If a record below holds a picture, drop the picture and copy everything else exactly.

[DATA EXTRACT Boundary: Start]

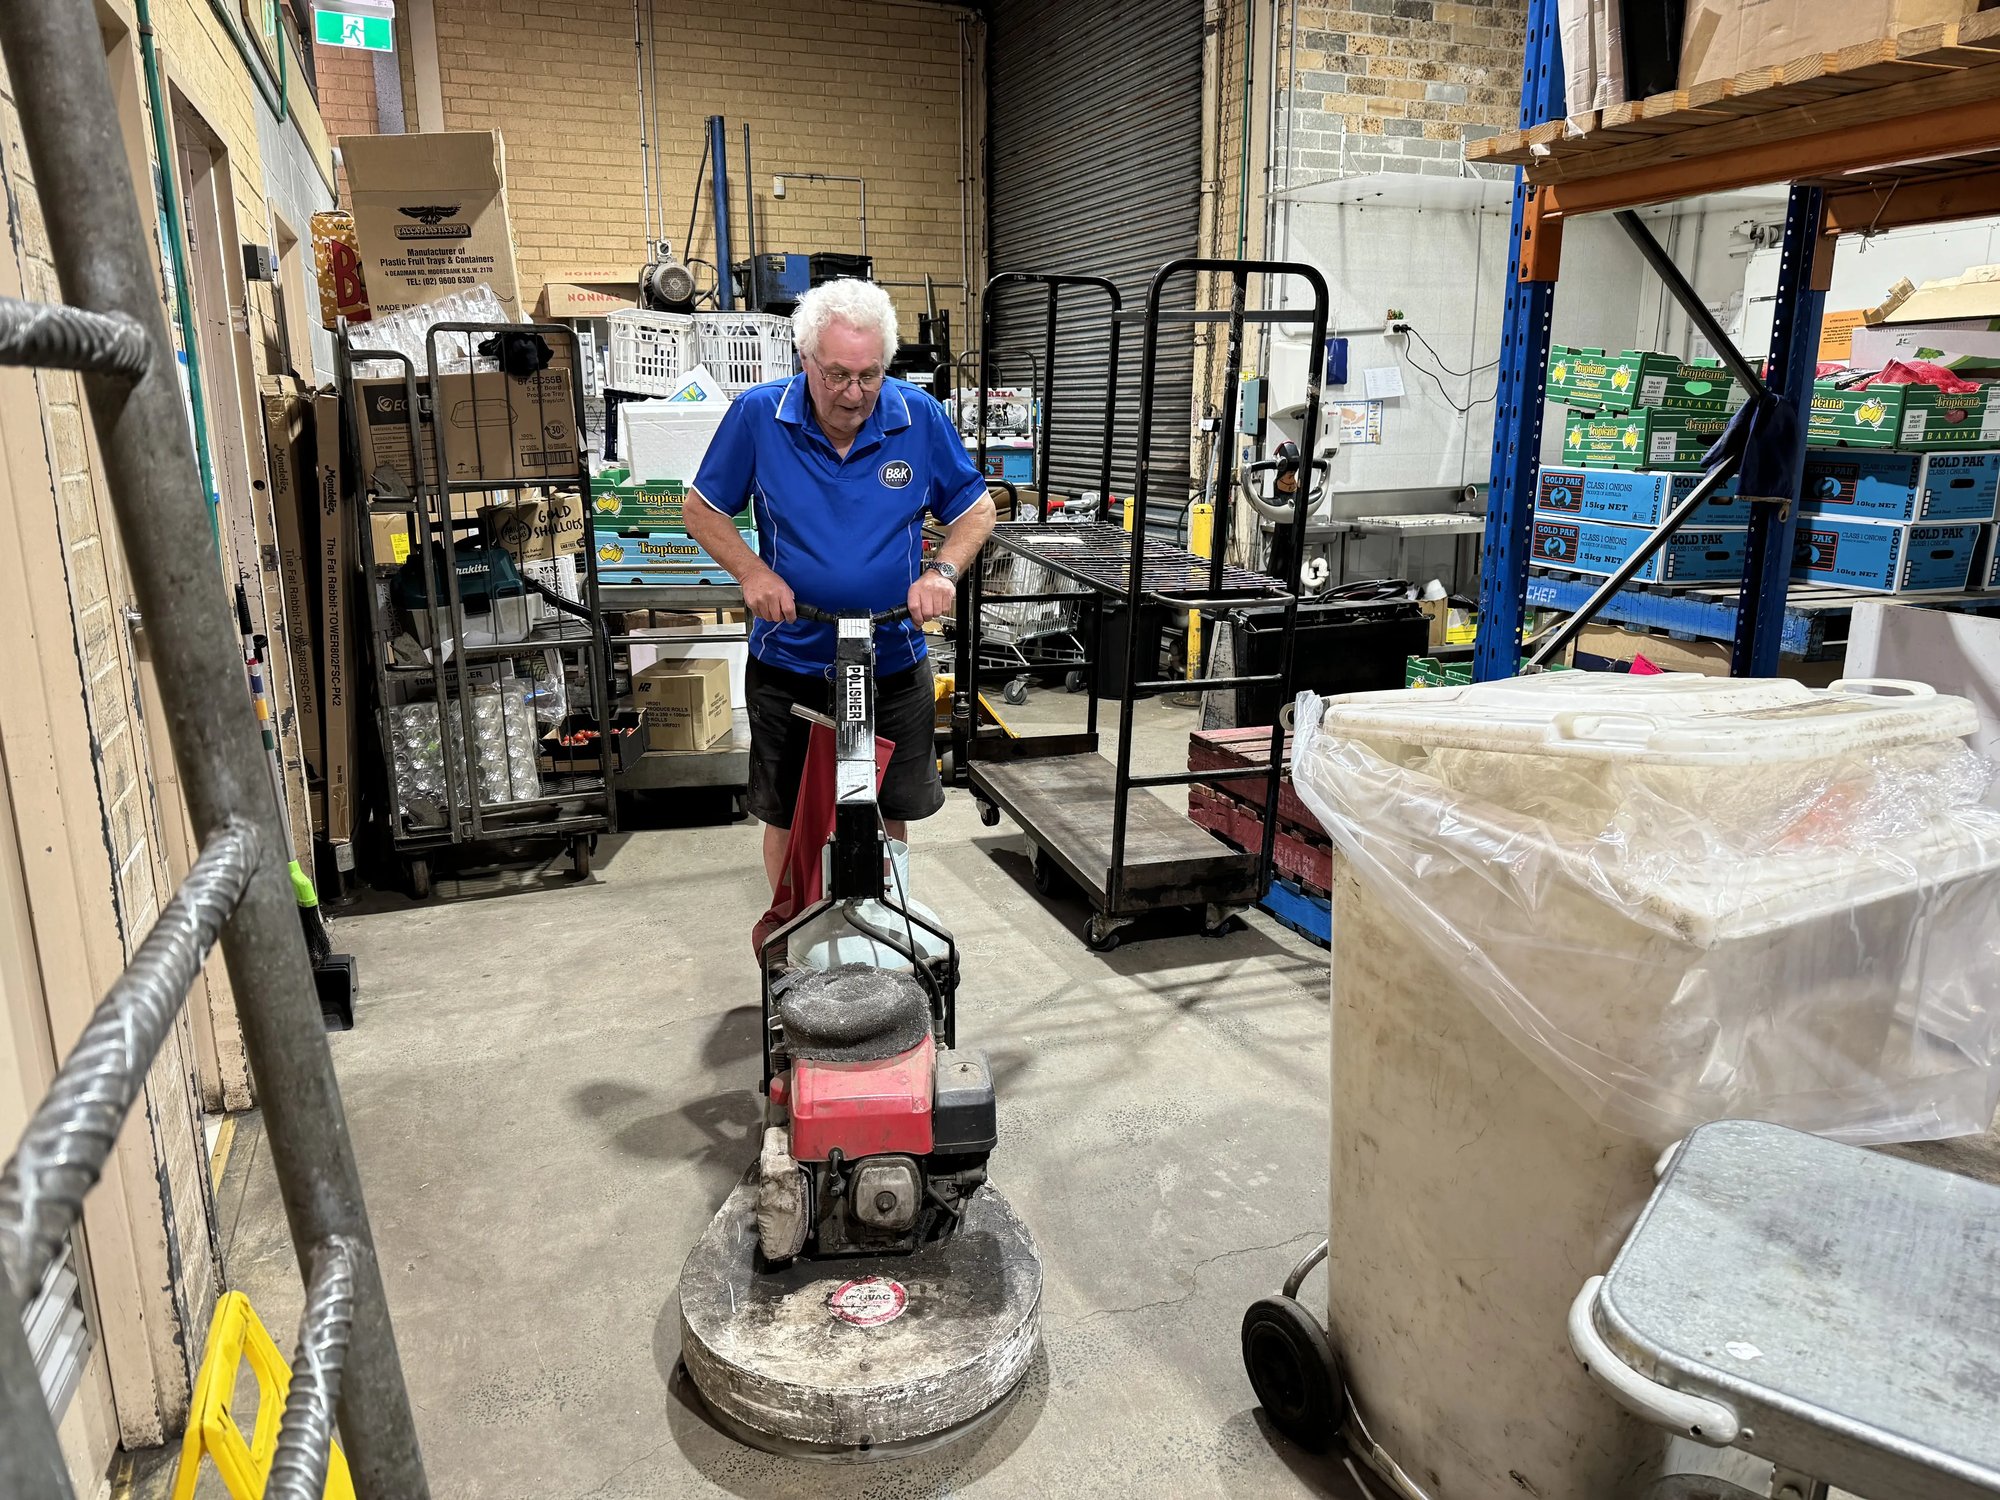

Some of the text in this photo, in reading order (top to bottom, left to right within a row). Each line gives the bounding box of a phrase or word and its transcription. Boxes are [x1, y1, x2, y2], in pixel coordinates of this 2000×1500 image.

[407, 247, 466, 257] Manufacturer of
[380, 254, 494, 267] Plastic Fruit Trays & Containers
[406, 278, 421, 286] TEL:
[423, 277, 437, 286] (02)
[458, 275, 475, 284] 6300
[567, 292, 623, 302] NONNA'S
[1573, 359, 1606, 377] Tropicana
[1677, 364, 1726, 380] Tropicana
[1666, 399, 1720, 410] BANANA
[1935, 395, 1980, 409] Tropicana
[551, 425, 561, 434] 30
[1588, 422, 1618, 439] Tropicana
[1926, 431, 1977, 440] BANANA
[1929, 456, 1986, 468] GOLD PAK
[886, 466, 908, 479] B&K
[1909, 458, 1920, 490] GOLD
[1544, 475, 1581, 485] GOLD PAK
[1586, 481, 1605, 490] CLASS
[1610, 483, 1633, 492] ONIONS
[1653, 477, 1662, 502] GOLD
[1585, 501, 1629, 511] 15kg NET
[1856, 500, 1876, 508] 10kg
[1903, 494, 1914, 519] PAK
[1650, 504, 1659, 524] PAK
[1537, 525, 1575, 536] GOLD PAK
[1910, 528, 1964, 539] GOLD PAK
[1581, 532, 1600, 543] CLASS
[1605, 535, 1628, 546] ONIONS
[1670, 534, 1724, 544] GOLD PAK
[1811, 533, 1833, 544] PAK
[1864, 533, 1887, 542] ONIONS
[638, 541, 700, 557] Tropicana
[1889, 528, 1901, 561] GOLD
[1579, 552, 1623, 565] 15kg NET
[1645, 559, 1654, 578] PAK
[1836, 568, 1879, 578] 10kg NET
[287, 569, 297, 584] Fat
[1884, 563, 1896, 589] PAK
[1526, 585, 1557, 603] CHEP
[326, 537, 342, 707] The Fat Rabbit-TOWER802FSC-PK2
[848, 666, 862, 720] POLISHER

[DATA EXTRACT Boundary: End]

## RESULT OF THE EXERCISE
Some of the text in this photo, in reading order (top to bottom, left to right within a row). Each line gives the bounding box of a phrase or word and its transcription. Boxes are [x1, y1, x2, y2], in pixel coordinates of this 2000×1500 image.

[407, 247, 466, 257] Manufacturer of
[380, 254, 494, 267] Plastic Fruit Trays & Containers
[406, 278, 421, 286] TEL:
[423, 277, 437, 286] (02)
[458, 275, 475, 284] 6300
[567, 292, 623, 302] NONNA'S
[1573, 359, 1606, 377] Tropicana
[1677, 364, 1726, 380] Tropicana
[1666, 399, 1720, 410] BANANA
[1935, 395, 1980, 409] Tropicana
[551, 425, 561, 434] 30
[1588, 422, 1618, 439] Tropicana
[1926, 431, 1977, 440] BANANA
[1929, 456, 1986, 468] GOLD PAK
[886, 466, 908, 479] B&K
[1909, 458, 1920, 490] GOLD
[1544, 475, 1581, 485] GOLD PAK
[1586, 481, 1605, 490] CLASS
[1610, 483, 1633, 492] ONIONS
[1653, 477, 1662, 502] GOLD
[1585, 501, 1629, 511] 15kg NET
[1856, 500, 1876, 508] 10kg
[1903, 494, 1914, 519] PAK
[1650, 504, 1659, 524] PAK
[1537, 525, 1575, 536] GOLD PAK
[1910, 528, 1964, 539] GOLD PAK
[1581, 532, 1600, 543] CLASS
[1605, 535, 1628, 546] ONIONS
[1670, 534, 1724, 544] GOLD PAK
[1811, 533, 1833, 544] PAK
[1864, 533, 1887, 542] ONIONS
[638, 541, 700, 557] Tropicana
[1889, 528, 1901, 561] GOLD
[1579, 552, 1623, 565] 15kg NET
[1645, 559, 1654, 578] PAK
[1836, 568, 1879, 578] 10kg NET
[287, 569, 297, 584] Fat
[1884, 563, 1896, 589] PAK
[1526, 585, 1557, 603] CHEP
[326, 537, 342, 707] The Fat Rabbit-TOWER802FSC-PK2
[848, 666, 862, 720] POLISHER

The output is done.